“つながるモノづくり”目指すIVIの次なる挑戦、カーボンニュートラル推進のカギFAインタビュー(2/3 ページ)

» 2022年07月26日 13時45分 公開
[三島一孝MONOist]

スマートシンキングとCIOFで成果を形に

MONOist 具体的にはどういう取り組みを行ったのでしょうか。

西岡氏 そこでまず、こうした業務シナリオWGで個々に作り上げてきた現場の課題解決の仕組みをベースに、具体的に推進するための考え方や手法をまとめた「スマートシンキング」を2020年に発表した。これは新たな価値を生み出すために、デジタル技術によって、ヒト、モノ、情報がその内部および外部と相互につながった組織をスマート組織と定義し、問題発見、問題共有、課題設定、課題解決のサイクルで得られる知見を組織内で共有し、そのつながりを相互に深めることで、知の生産を行う思考プロセスだ。手法として「なぜなぜチャート」や「ロジックチャート」など16のチャートを用意し、モノづくりの課題をデジタル技術を活用しながら自発的に解決できるスマートな組織構築における具体的な取り組み方を示した。

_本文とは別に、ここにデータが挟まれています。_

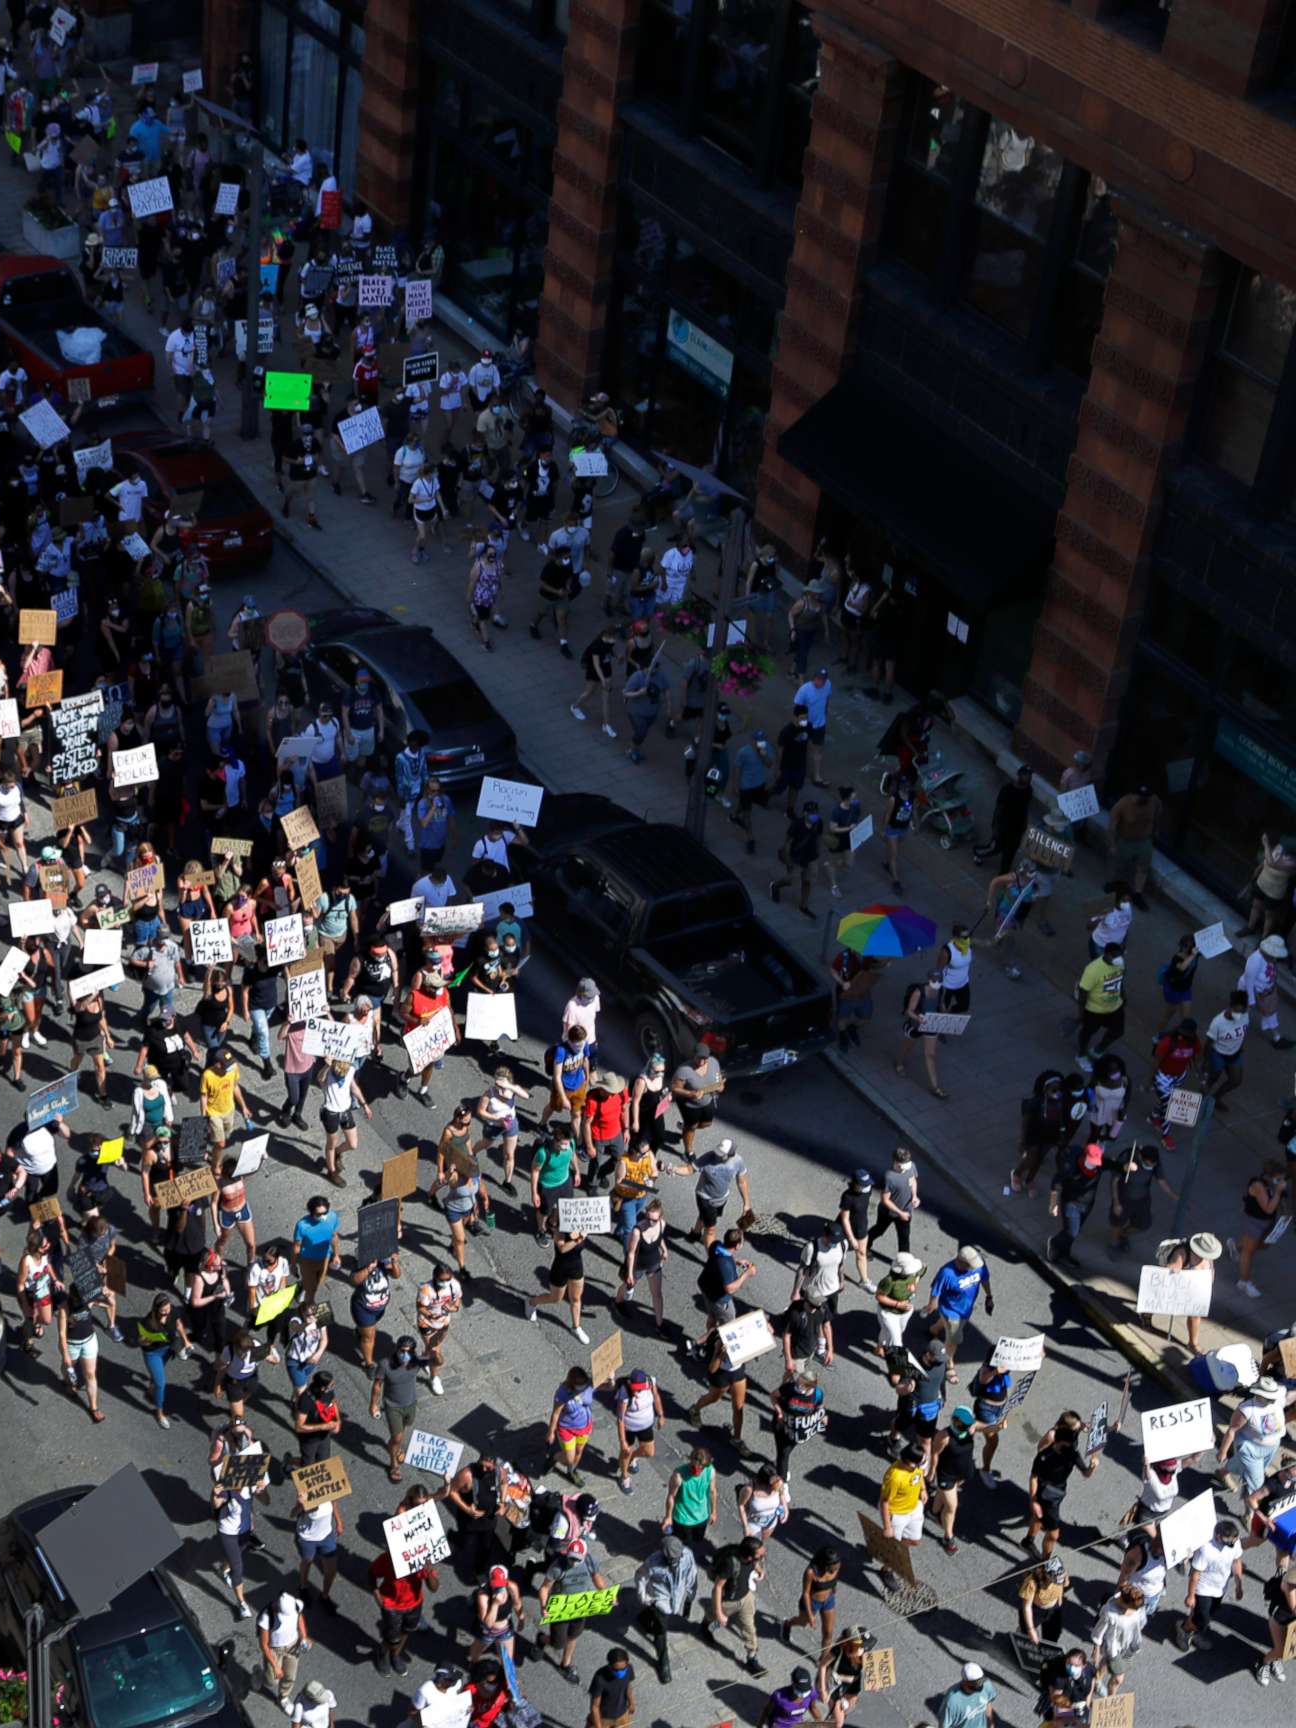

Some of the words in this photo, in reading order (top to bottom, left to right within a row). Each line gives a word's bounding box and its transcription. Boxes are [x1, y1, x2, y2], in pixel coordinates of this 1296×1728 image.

[375, 245, 395, 253] BLACK
[372, 259, 398, 267] MATTER
[362, 295, 392, 304] MATTER
[51, 709, 78, 727] FUCK
[56, 716, 98, 738] SYSTEM
[62, 733, 91, 751] YOUR
[52, 744, 96, 769] SYSTEM
[117, 749, 153, 766] DEFUN
[52, 758, 98, 784] FUCKED
[118, 767, 154, 784] POLICE
[1028, 827, 1070, 858] SILENCE
[191, 921, 224, 936] Black
[267, 920, 296, 936] Black
[194, 937, 226, 947] Lives
[268, 933, 297, 949] Lives
[195, 947, 230, 961] Matter
[289, 972, 320, 988] Black
[290, 987, 322, 1003] Lives
[411, 1028, 451, 1060] CHANGE
[415, 1041, 450, 1071] REFORM
[561, 1208, 573, 1216] NO
[573, 1207, 605, 1216] JUSTICE
[580, 1215, 607, 1224] RACIST
[570, 1223, 601, 1231] SYSTEM
[1150, 1402, 1207, 1431] RESIST
[785, 1422, 826, 1444] LICE
[417, 1433, 448, 1451] BLACK
[298, 1463, 328, 1480] BLACK
[410, 1454, 450, 1473] MATTER
[306, 1480, 347, 1501] MATTER!
[550, 1589, 615, 1606] BLACK
[1098, 1696, 1126, 1710] BLACK
[1097, 1708, 1126, 1721] LIVES
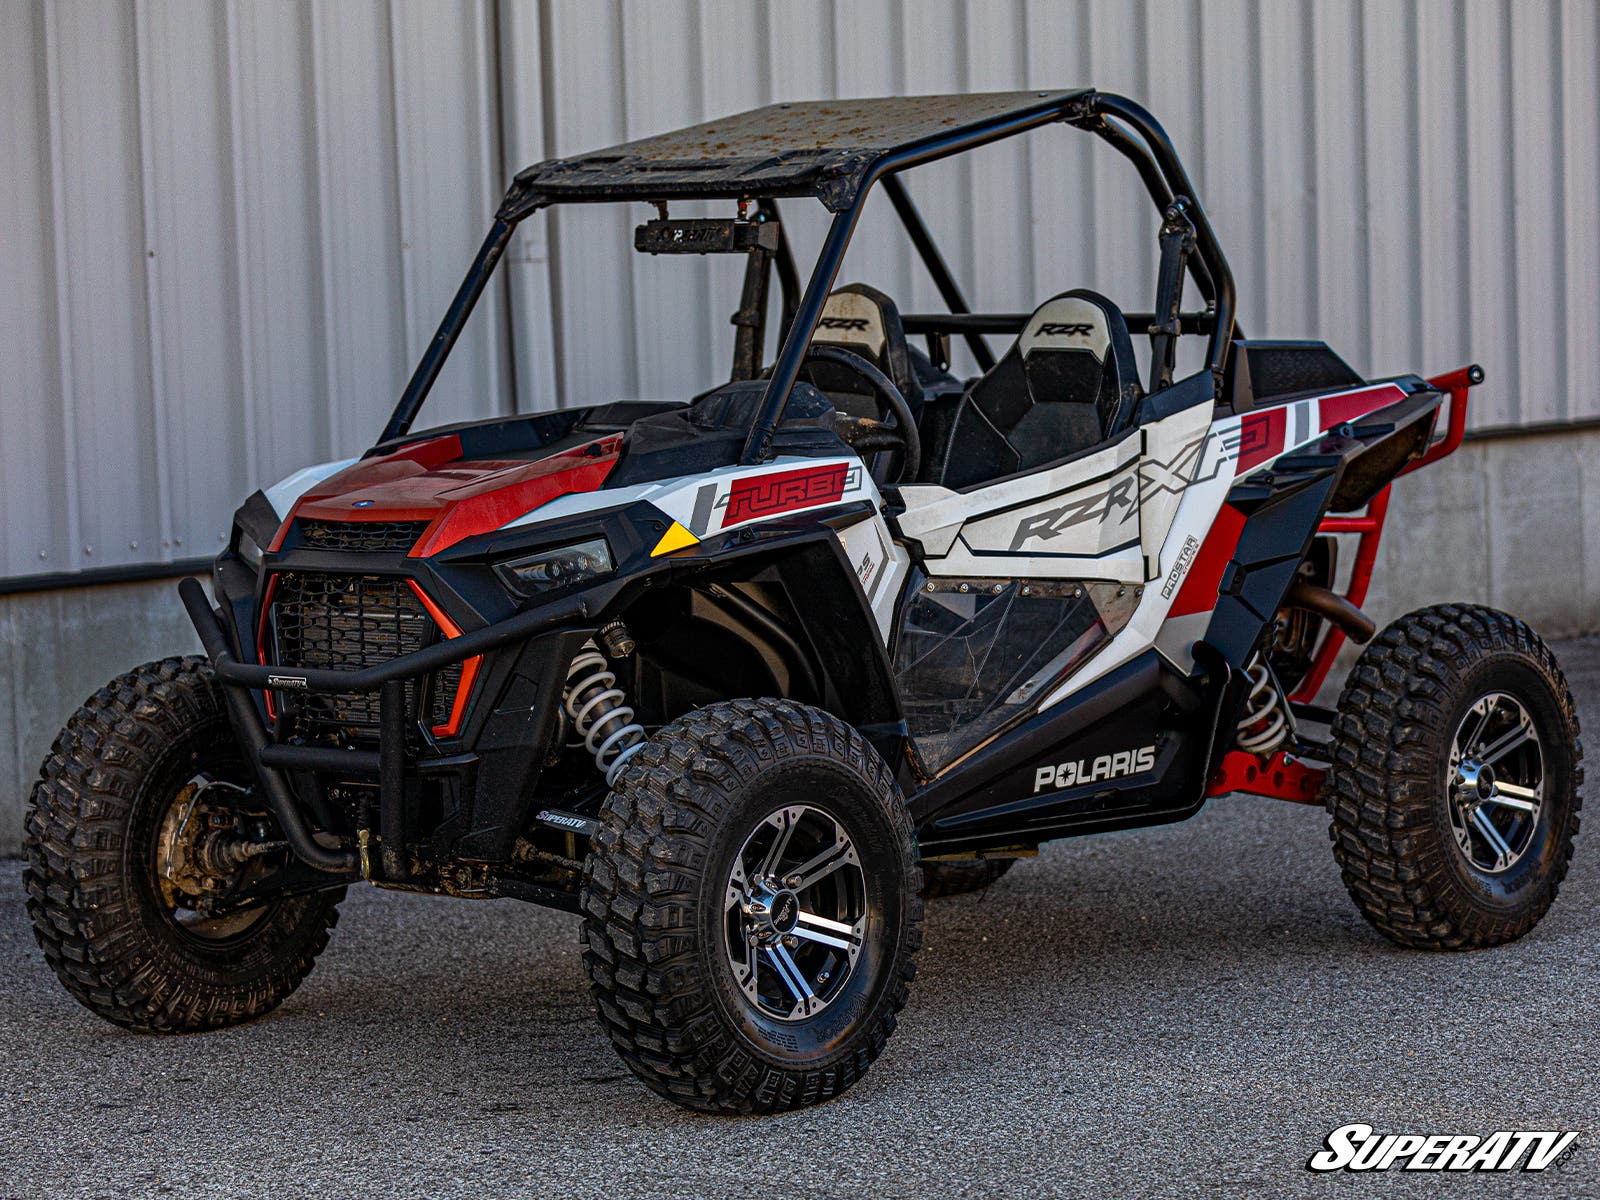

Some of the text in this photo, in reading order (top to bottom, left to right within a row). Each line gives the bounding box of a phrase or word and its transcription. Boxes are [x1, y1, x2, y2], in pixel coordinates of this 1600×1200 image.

[816, 317, 870, 332] RZR
[1034, 323, 1095, 337] RZR
[714, 466, 863, 519] TURBO
[1009, 415, 1270, 552] RZR XP
[1161, 534, 1198, 600] PROSTAR
[1033, 745, 1156, 793] POLARIS
[536, 810, 587, 829] SUPERATV

photo スマートシンキングを基にした実践手法「IVIM」[クリックで拡大] 出所:IVI

 そして、実際にこうしたさまざまな部門で情報を共有するツールとして「コネクテッドインダストリーズオープンフレームワーク(CIOF)」なども用意できた。CIOFは製造現場内で乱立するさまざまなデータフォーマット間の連携を実現するために、既存のプラットフォーム内のシステムやデータ設定などを大きく改変することなく、容易にデータ連携を実現する汎用的なプラットフォームだ。2018年12月に仕様公開し、2019年3月に第1版を正式公開。2022年4月には正式にリリースした。これは、新エネルギー・産業技術総合開発機構(NEDO)から2019〜2021年度まで3カ年の受託事業として推進したもので、IVIが幹事となりDMG森精機、ジェイテクト、三菱電機、安川電機、SCSK、ビジネスエンジニアリング、アプストウェブなどが参画して進めている。

photo CIOFの特徴[クリックで拡大] 出所:IVI

 長い活動の中でさまざまな実証や検証で、アイデアやコンセプトがようやく手法に落ちて、使えるようになってきた。小さな芽を育てて、ようやくいろいろなところで実際に使えるレベルとなった。これを実際に使っていき、成果を生み出せることを示していく段階に入ったと考えている。